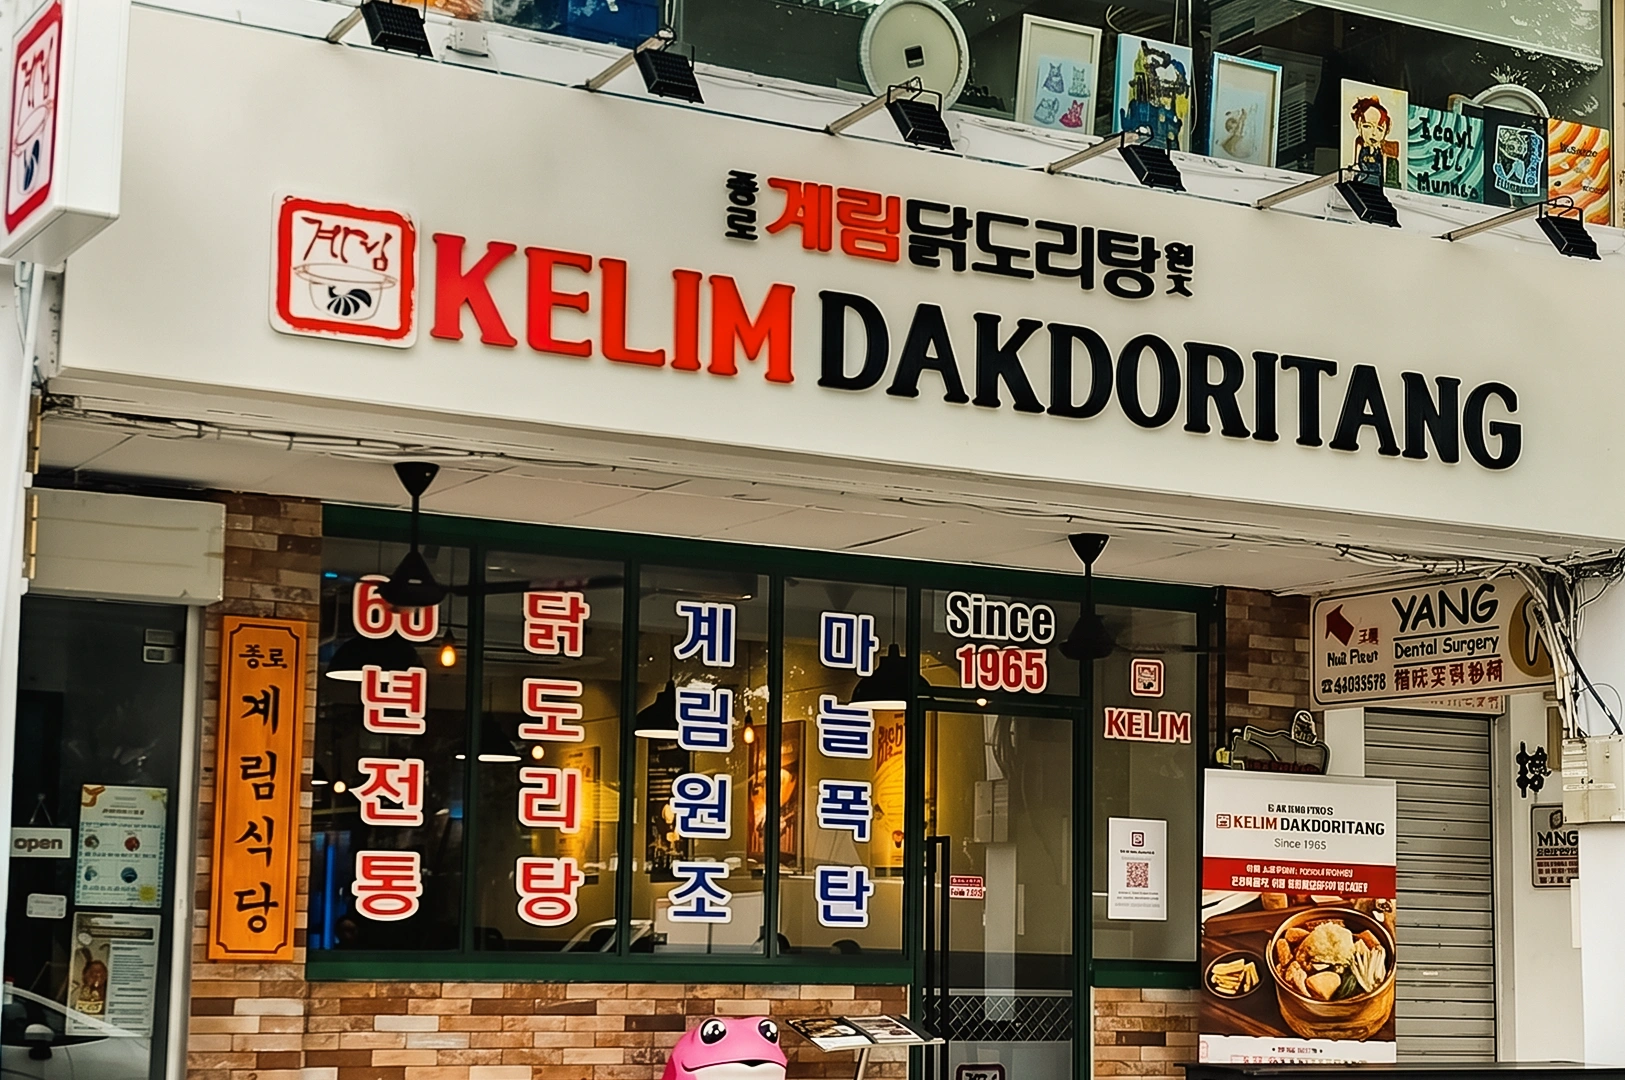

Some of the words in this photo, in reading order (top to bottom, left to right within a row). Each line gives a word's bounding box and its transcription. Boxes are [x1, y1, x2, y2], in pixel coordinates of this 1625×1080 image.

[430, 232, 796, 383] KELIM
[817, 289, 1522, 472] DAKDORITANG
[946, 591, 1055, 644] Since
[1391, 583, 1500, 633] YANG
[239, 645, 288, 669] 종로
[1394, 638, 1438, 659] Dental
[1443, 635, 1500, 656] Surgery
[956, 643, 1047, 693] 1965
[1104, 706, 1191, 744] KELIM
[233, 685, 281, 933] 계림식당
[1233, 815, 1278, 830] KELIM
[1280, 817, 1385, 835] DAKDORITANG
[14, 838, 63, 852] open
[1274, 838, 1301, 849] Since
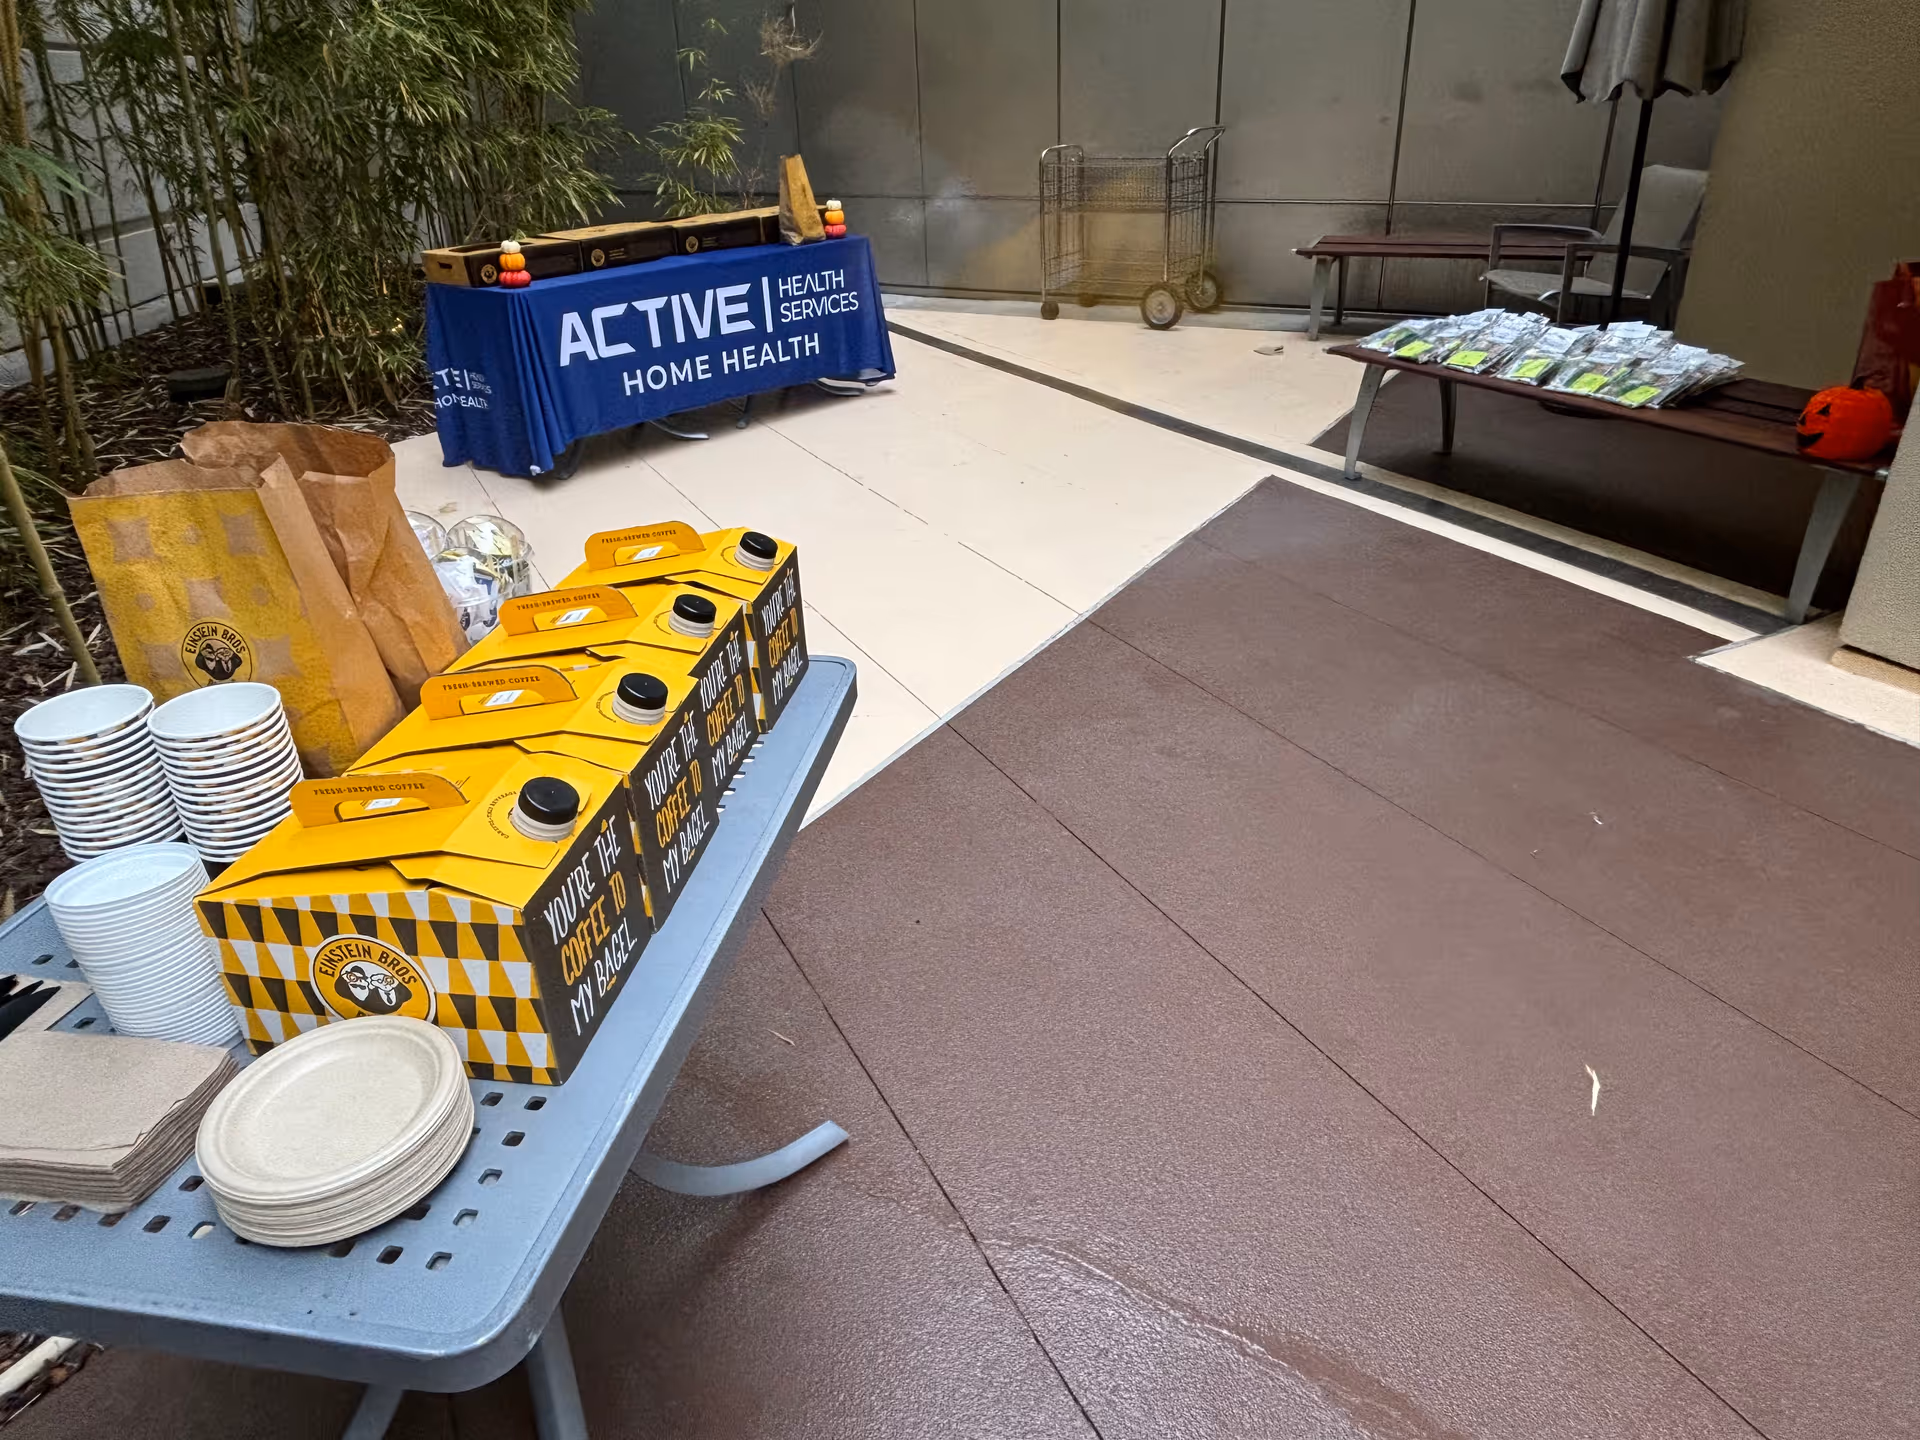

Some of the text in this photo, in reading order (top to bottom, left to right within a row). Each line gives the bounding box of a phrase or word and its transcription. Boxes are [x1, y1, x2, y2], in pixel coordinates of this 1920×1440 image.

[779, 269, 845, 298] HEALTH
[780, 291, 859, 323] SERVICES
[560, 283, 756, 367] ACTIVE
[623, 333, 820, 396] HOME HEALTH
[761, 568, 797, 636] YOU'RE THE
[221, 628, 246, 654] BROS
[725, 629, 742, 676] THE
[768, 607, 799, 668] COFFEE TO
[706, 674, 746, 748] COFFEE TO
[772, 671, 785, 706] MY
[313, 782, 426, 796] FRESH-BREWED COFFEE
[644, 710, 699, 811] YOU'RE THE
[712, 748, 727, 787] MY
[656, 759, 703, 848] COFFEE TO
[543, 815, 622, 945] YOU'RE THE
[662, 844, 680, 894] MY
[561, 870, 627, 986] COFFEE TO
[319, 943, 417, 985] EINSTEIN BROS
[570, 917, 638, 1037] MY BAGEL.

**WORK TO BE COMPLETED**
The result should be a precise copy of all the entries, free of pictures.

**EXERCISE SOLUTION**
Some of the words in this photo, in reading order (top to bottom, left to right within a row). Each line gives a word's bounding box and its transcription. Boxes are [x1, y1, x2, y2], in pixel coordinates of this 1625×1080 image.

[430, 232, 796, 383] KELIM
[817, 289, 1522, 472] DAKDORITANG
[946, 591, 1055, 644] Since
[1391, 583, 1500, 633] YANG
[239, 645, 288, 669] 종로
[1394, 638, 1438, 659] Dental
[1443, 635, 1500, 656] Surgery
[956, 643, 1047, 693] 1965
[1104, 706, 1191, 744] KELIM
[233, 685, 281, 933] 계림식당
[1233, 815, 1278, 830] KELIM
[1280, 817, 1385, 835] DAKDORITANG
[14, 838, 63, 852] open
[1274, 838, 1301, 849] Since

Some of the text in this photo, in reading order (top to bottom, left to right within a row). Each line gives the bounding box of a phrase or word and its transcription. Boxes are [x1, y1, x2, y2], in pixel coordinates of this 1920×1440 image.

[779, 269, 845, 298] HEALTH
[780, 291, 859, 323] SERVICES
[560, 283, 756, 367] ACTIVE
[623, 333, 820, 396] HOME HEALTH
[761, 568, 797, 636] YOU'RE THE
[221, 628, 246, 654] BROS
[725, 629, 742, 676] THE
[768, 607, 799, 668] COFFEE TO
[706, 674, 746, 748] COFFEE TO
[772, 671, 785, 706] MY
[313, 782, 426, 796] FRESH-BREWED COFFEE
[644, 710, 699, 811] YOU'RE THE
[712, 748, 727, 787] MY
[656, 759, 703, 848] COFFEE TO
[543, 815, 622, 945] YOU'RE THE
[662, 844, 680, 894] MY
[561, 870, 627, 986] COFFEE TO
[319, 943, 417, 985] EINSTEIN BROS
[570, 917, 638, 1037] MY BAGEL.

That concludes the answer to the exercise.